Hiking Volcanoes in Mexico: Iztaccihuatl
I LOVE hiking. But something about hiking a VOLCANO just makes it that much more badass.
I knew I wanted to get some solid hiking in during my three-month stay in Mexico City, and after hiking not one, but TWO volcanoes, I can happily say ‘Mission Accomplished.’ I experienced these two volcano hikes in totally different ways: One via a guided group hike with a tour company, and the other with a friend, via public transport and kind of winging it. Spoiler alert: Both were awesome.
This post is about hiking Iztaccihuatl, often called The Sleeping Woman due to her shape and back story. This was hands-down one of the most challenging and best hikes I have ever done.
Check out some of my other Hiking posts when you’re done. Just keep scrolling!
Iztaccihautl (It’s-A-See-Whattle) is one of the two volcanoes in the Izta-Popo National Park, located about 2.5 hours Southwest of Mexico City. Popocatépetl is the other volcano and is the second highest peak in Mexico. Iztaccihautl comes in third highest, with an altitude of 5,230 m or 17,160 ft. These two share a pretty cool origin story. Rather than trying to paraphrase, here is the Wikipedia version:
In Aztec mythology, Iztaccíhuatl was a princess who fell in love with one of her father’s warriors, Popocatépetl. The emperor sent Popocatépetl to war in Oaxaca, promising him Iztaccíhuatl as his wife when he returned (which Iztaccíhuatl’s father presumed he would not). Iztaccíhuatl was falsely told that Popocatépetl had died in battle, and believing the news, she died of grief. When Popocatépetl returned to find his love dead, he took her body to a spot outside Tenochtitlan and kneeled by her grave. The gods covered them with snow and changed them into mountains. Iztaccíhuatl’s mountain is called “White Woman” (from Nahuatl iztāc “white” and cihuātl “woman”) because it resembles a woman lying on her back, and is often covered with snow — the peak is sometimes nicknamed La Mujer Dormida, “The Sleeping Woman”. Popocatépetl became an active volcano, raining fire on Earth in blind rage at the loss of his beloved.
Being that Popo is still active, he is off-limits to hikers, although, as you can probably imagine, that doesn’t stop everybody. Izta, on the other hand, has not erupted since 1868, so she is safe to climb. This volcano has three summits, and no crater, making The Sleeping Woman a bit different from the cone-shaped, lava spewing volcano that usually comes to mind. Due to the altitude, both Izta and Popo are almost perpetually snow-capped, making an ascent to the top summit pretty intense, and also making the views from surrounding towns below absolutely stunning.
Things to note
- Dress in layers.

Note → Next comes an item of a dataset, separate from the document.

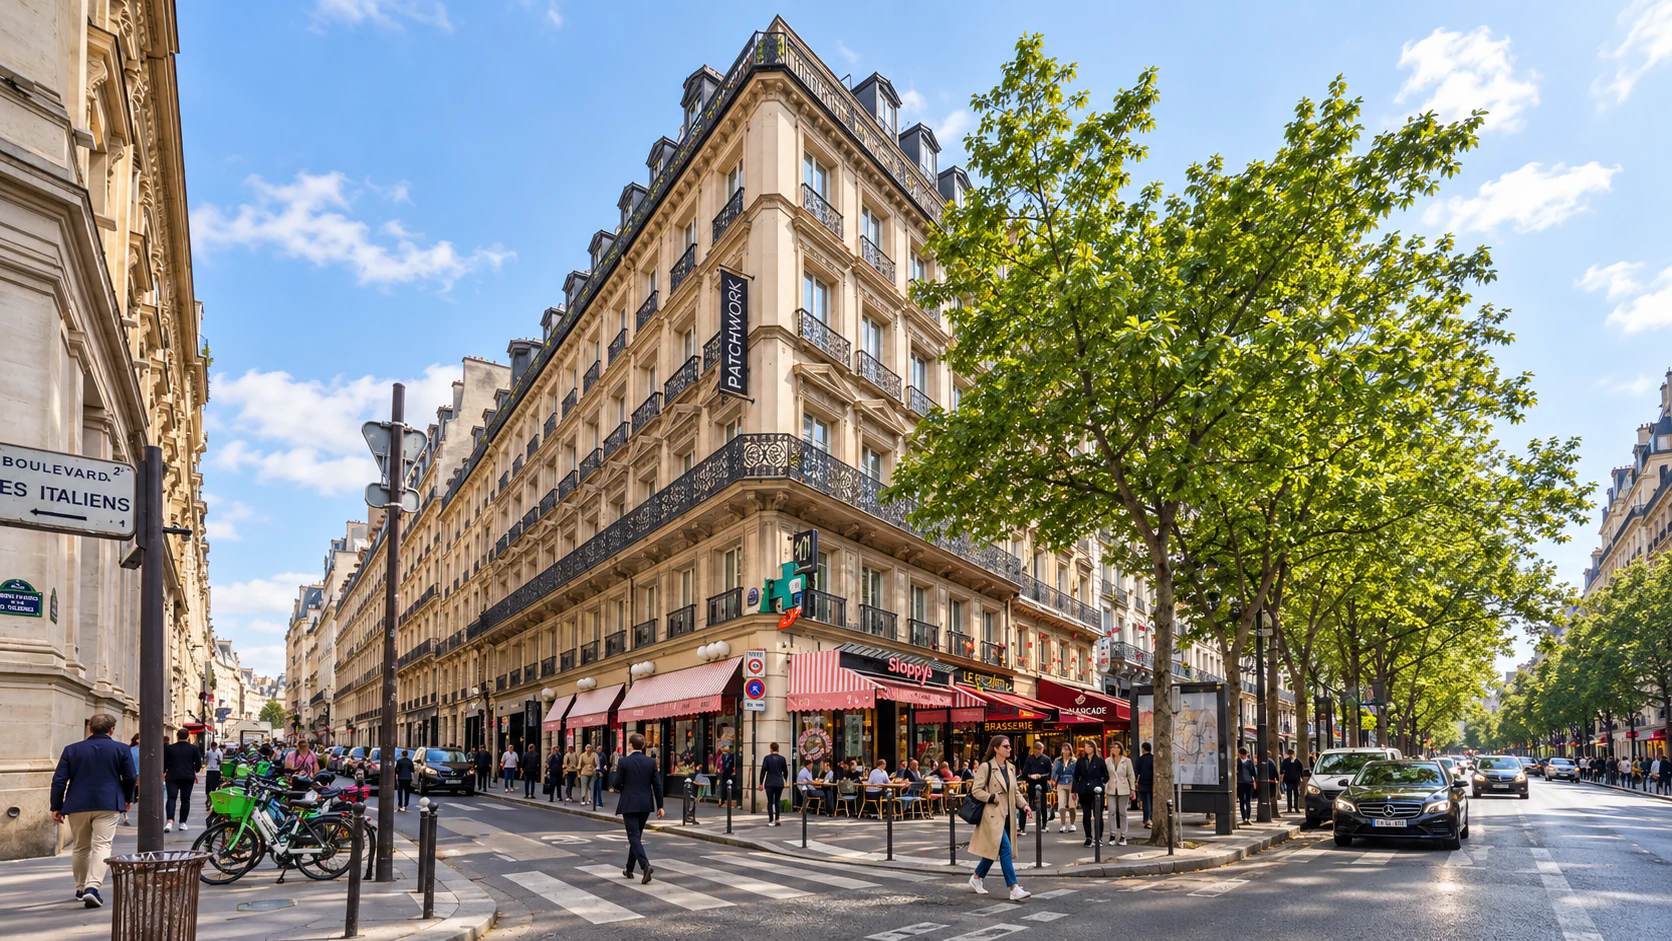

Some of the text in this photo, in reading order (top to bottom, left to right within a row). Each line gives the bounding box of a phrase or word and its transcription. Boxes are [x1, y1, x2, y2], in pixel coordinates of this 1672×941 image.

More than you think. I went in January, and while the average temperature in Mexico City is somewhere between 42-71 Farenheight (5-22 C), at Izta-Popo the highs only average 54 degrees farenheight, with an average low of 20. (-7-12 Celsius). Yikes. I layered in all the layers I had including gloves for the occasion. I was very glad I did. Bring a coat. If you’re short on space, bring a down or down alternative packable coat like this or that from Uniqulo. Be sure to consider precipitation because cold and wet is hell on Earth. Also consider wearing two pairs of pants, leg warmers, or big slouchy warm socks. Worked for me!
2. Altitude is no joke. Do not be surprised when you find yourself unable to breathe, even when the incline looks less than challenging. (These two hikes, btw, are not in the less-than-challenging category.) I had been in Mexico City, with an altitude of 7,382 feet, for three months prior to my first volcano hike. I think of myself as moderately athletic and pretty fit. Still, climbing Iztaccihuatl was heart-pounding, lung-straining, head-dizzying work. I got my first taste of altitude sickness after descending Iztaccihuatl, and I did not like it one bit. The moral of the story: Do not do this hike on your first or second day in Mexico. Give yourself some time to acclimatize to the altitude and also take necessary precautions, like the ones found here.
I booked a full-day volcano hiking tour with tour company Amigo Tours, which I booked through a website called Getyourguide.com. Being a solo traveler, I found this an easy way to ensure that
1. I was safe. I wouldn’t say I’m scared to go hiking by myself, but I would say that my life is important to me and so I’m cautious.
2. I didn’t have to worry about getting there. Or, getting lost on the way. It’s over two hours in the car, which would equal to trains and buses and a whole lot more time. Sometimes the hassle saved in navigating can be well worth the cost of paying a tour company.
3. I could learn some things along the way. I could do all the internet research in the world on my own, but it’s just not the same as hearing facts from someone knowledgeable about the place, while you’re in the place. For me, the information sinks in more easily. And it gives me more free time (NOT spent internet researching) to write blog posts, study Spanish, and sleep. Aaahhhh.
I know some people just hate taking tours, but I’m not one of them. Especially when I’m traveling solo.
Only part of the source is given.